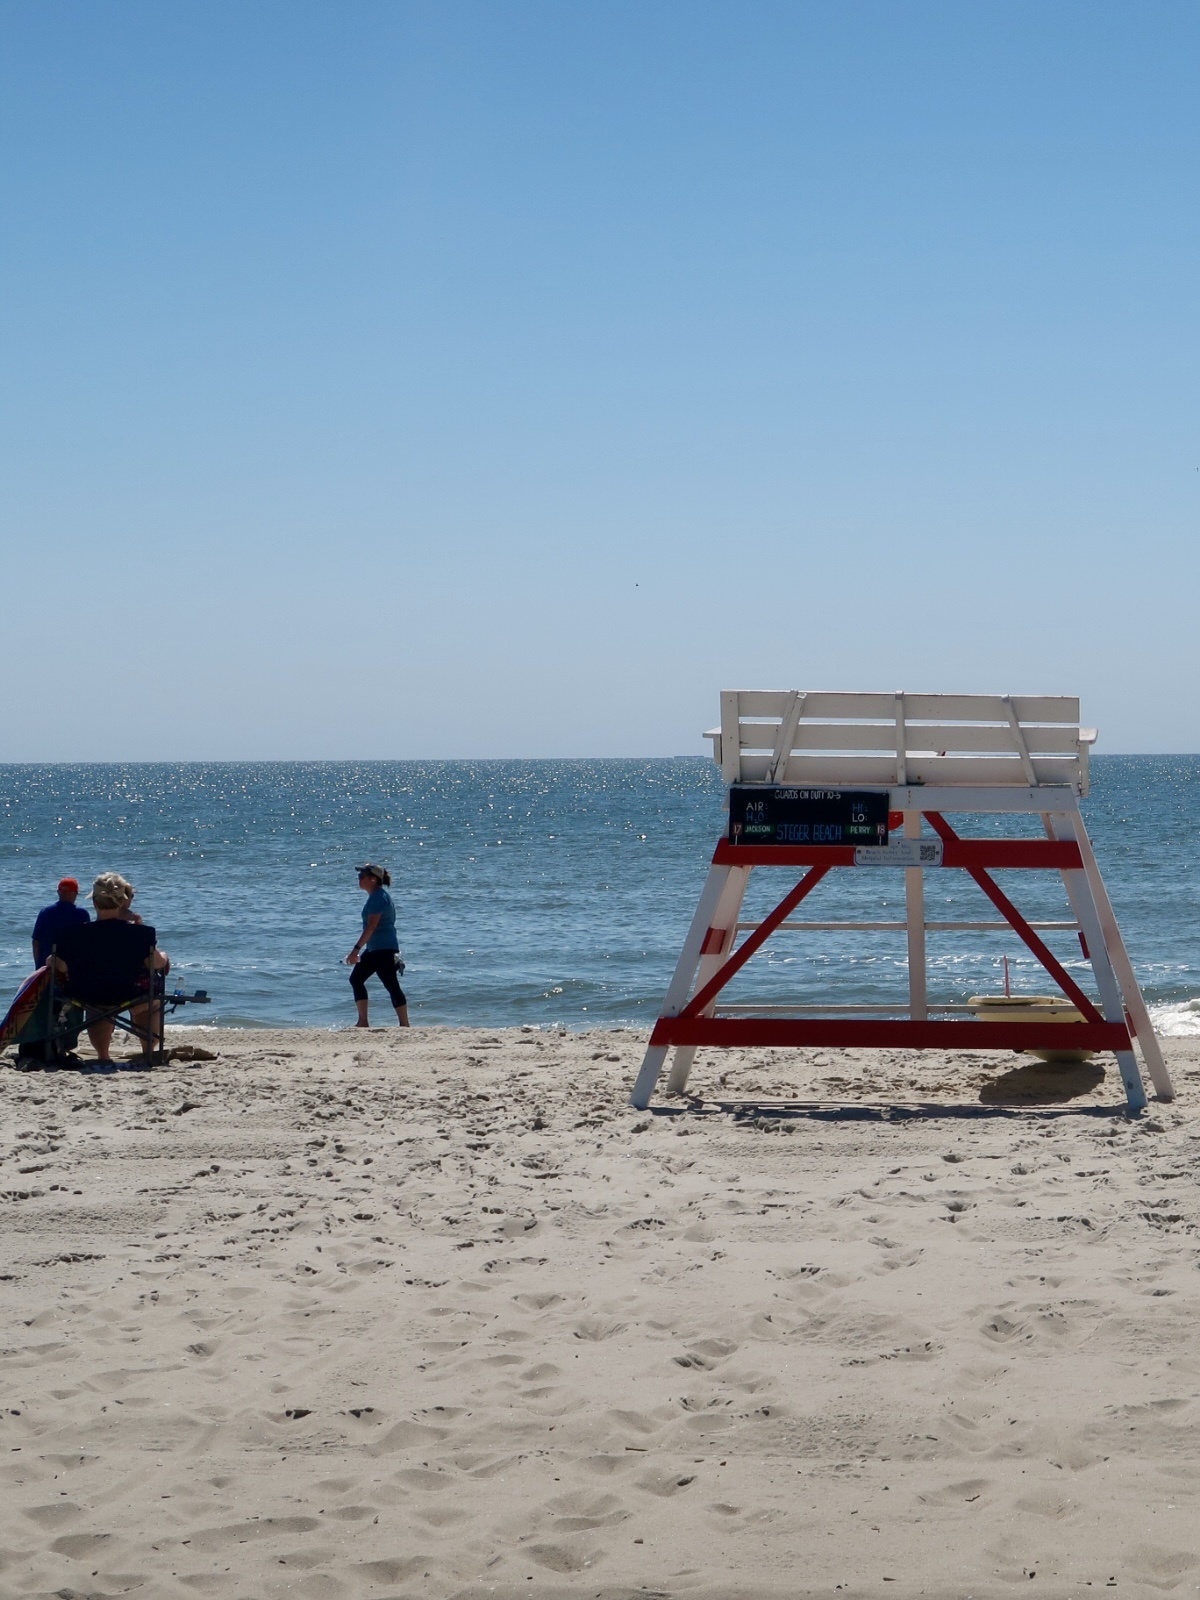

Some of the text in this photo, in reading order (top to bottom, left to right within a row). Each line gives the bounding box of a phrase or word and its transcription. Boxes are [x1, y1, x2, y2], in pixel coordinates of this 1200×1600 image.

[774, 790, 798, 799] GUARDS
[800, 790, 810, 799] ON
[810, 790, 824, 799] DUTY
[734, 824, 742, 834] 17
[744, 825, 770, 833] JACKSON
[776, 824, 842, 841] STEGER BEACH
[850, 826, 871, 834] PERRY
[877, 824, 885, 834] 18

■ **Problem statement**:
For this exercise, copy the entries above exactly and skip any picture.

■ **Exercise output**:
Some of the text in this photo, in reading order (top to bottom, left to right within a row). Each line gives the bounding box of a phrase or word and its transcription. Boxes are [x1, y1, x2, y2], in pixel coordinates of this 1200×1600 image.

[774, 790, 798, 799] GUARDS
[800, 790, 810, 799] ON
[810, 790, 824, 799] DUTY
[734, 824, 742, 834] 17
[744, 825, 770, 833] JACKSON
[776, 824, 842, 841] STEGER BEACH
[850, 826, 871, 834] PERRY
[877, 824, 885, 834] 18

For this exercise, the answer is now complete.